Conflict and Confusion

Written by: Kelly Durham

We know precious little about Malcolm Brodie Edens, a member of Clemson’s Class of 1947.  The 1939 Taps lists him as a member of Company C, 1st Battalion, 1st Regiment of the Corps of Cadets, but no picture identified as Edens is included in the annual.  Edens was among that large group of Clemson cadets whose educations were interrupted by World War II.  In Edens’s case, the interruption was voluntary.  Following stints at Presbyterian College and then Clemson, Edens dropped out of school in October 1941, even before the United States was dragged into the war.  Conflicting accounts of Edens’s history pop up at this point.  Although his home was in Pumpkintown in Pickens County, one account shows Edens enlisting in Miami, Florida while another places his enlistment at Fort McPherson, Georgia.  Regardless of the location, Edens volunteered for the Army Air Force and was accepted into the aviation cadet program.

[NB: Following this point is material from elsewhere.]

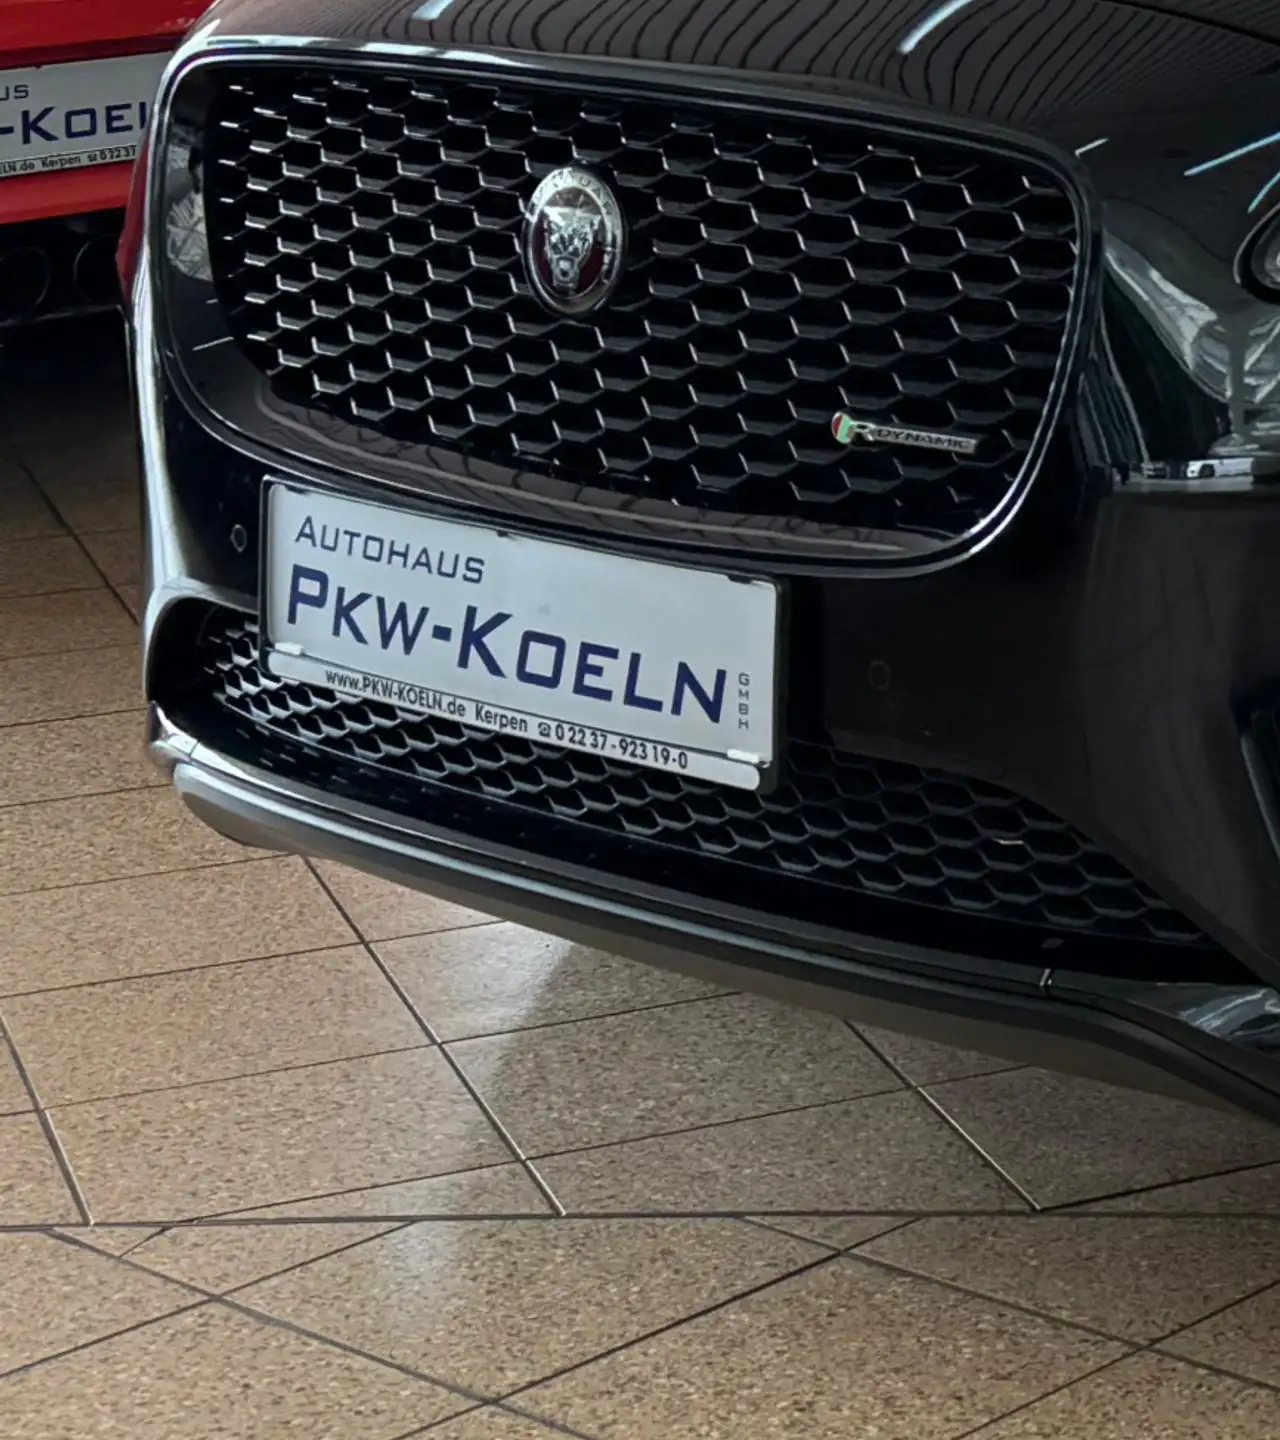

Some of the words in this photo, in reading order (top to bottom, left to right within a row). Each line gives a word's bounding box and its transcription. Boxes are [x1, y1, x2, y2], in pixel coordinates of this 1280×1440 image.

Edens would eventually be assigned to the 503rd Fighter Squadron flying escort and strafing missions from RAF Fowlmere just south of Cambridge, England.  On November 26, 1944, while piloting a P-51 Mustang fighter, Captain Edens shot down two German FW-190s in aerial combat southeast of Dümmer Lake, near Hanover, Germany.  Edens would survive the battle and the war.  He returned to Clemson and resumed his studies, graduating with a degree in dairy science on June 8, 1947.

18th Wing Insignia

The Korean War erupted with a surprise attack by Communist North Korean forces in June 1950.  Edens had made the transition from the Army Air Force to the Air Force and was assigned to the 18th Fighter Bomber Wing.  Here again, Edens’s record becomes confused.  Rather than flying above the battlefield, Edens was fighting on it, serving as a forward air controller alongside Army ground forces along with radio operator Sergeant Philip Tilch.  In late November, the unit Edens and Tilch were supporting was in danger of being overrun by North Korean troops.  The two evaded the enemy until their capture on November 30.  Without food or water, Edens and Tilch were forced to march fifteen miles north in frigid weather.  Suffering from severely frostbitten hands and feet, Edens was no longer able to walk.  His captors left him in a roadside hut along with ten other prisoners.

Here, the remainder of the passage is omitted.